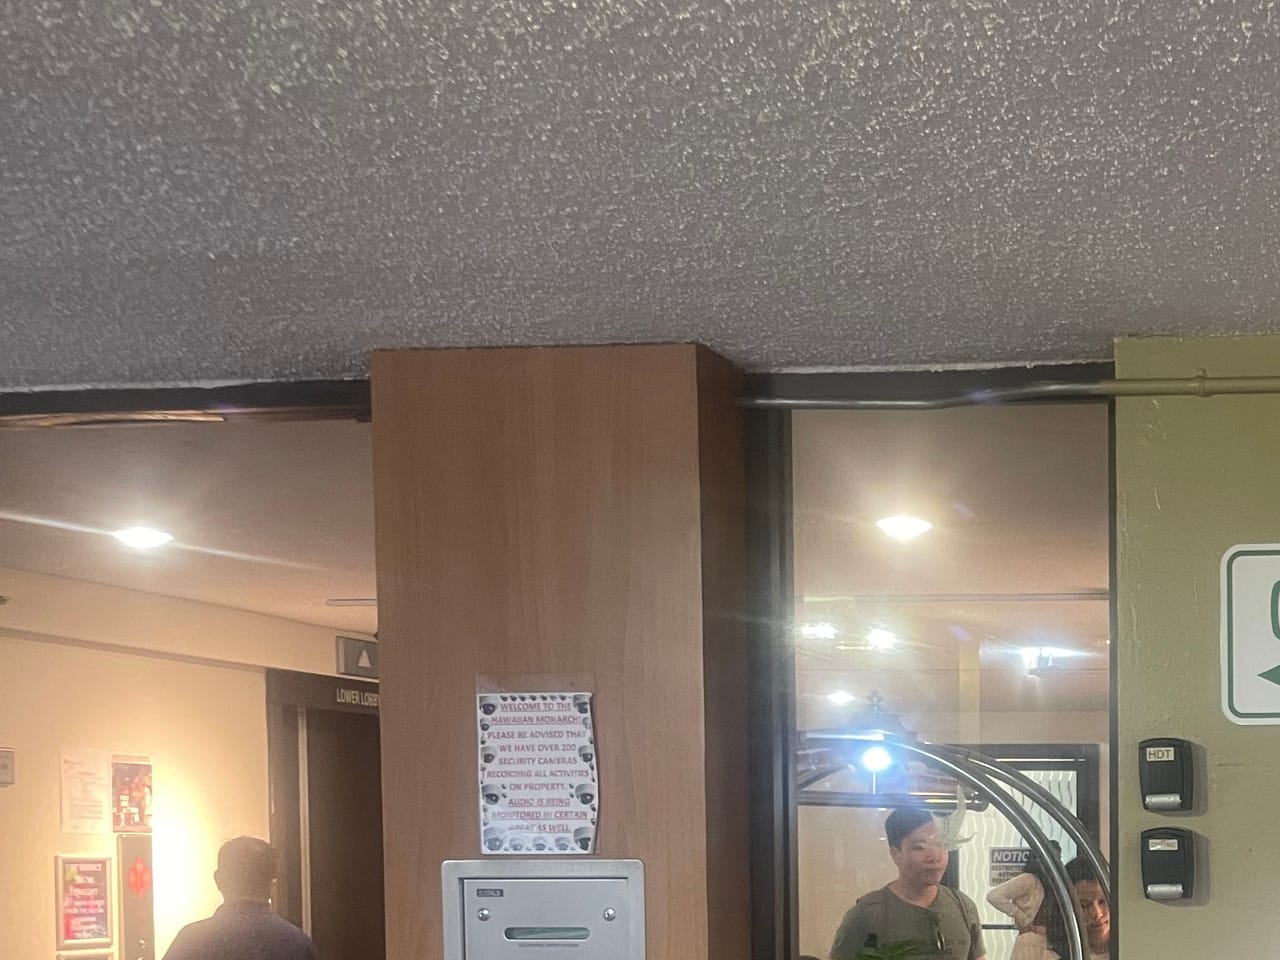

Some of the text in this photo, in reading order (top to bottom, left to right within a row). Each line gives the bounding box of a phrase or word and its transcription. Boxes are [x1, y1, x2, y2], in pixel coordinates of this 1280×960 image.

[337, 688, 359, 704] LOWER
[500, 703, 571, 711] WELCOME TO THE
[488, 731, 514, 739] PLEASE
[518, 731, 528, 739] BE
[530, 731, 564, 739] ADVISED
[500, 744, 511, 752] WE
[514, 744, 535, 752] HAVE
[538, 744, 559, 752] OVER
[1148, 750, 1172, 760] HDT
[499, 757, 577, 765] SECURITY CAMERAS
[487, 770, 589, 778] RECORDING ALL ACTIVITIES
[509, 783, 521, 791] ON
[509, 798, 533, 806] AUDIO
[554, 811, 587, 819] CERTAIN
[993, 851, 1030, 862] NOTIC

=====

ABOUT THIS EXERCISE:
Print verbatim every line above, apart from the pictures.

YOUR SOLUTION:
Some of the text in this photo, in reading order (top to bottom, left to right within a row). Each line gives the bounding box of a phrase or word and its transcription. Boxes are [x1, y1, x2, y2], in pixel coordinates of this 1280×960 image.

[337, 688, 359, 704] LOWER
[500, 703, 571, 711] WELCOME TO THE
[488, 731, 514, 739] PLEASE
[518, 731, 528, 739] BE
[530, 731, 564, 739] ADVISED
[500, 744, 511, 752] WE
[514, 744, 535, 752] HAVE
[538, 744, 559, 752] OVER
[1148, 750, 1172, 760] HDT
[499, 757, 577, 765] SECURITY CAMERAS
[487, 770, 589, 778] RECORDING ALL ACTIVITIES
[509, 783, 521, 791] ON
[509, 798, 533, 806] AUDIO
[554, 811, 587, 819] CERTAIN
[993, 851, 1030, 862] NOTIC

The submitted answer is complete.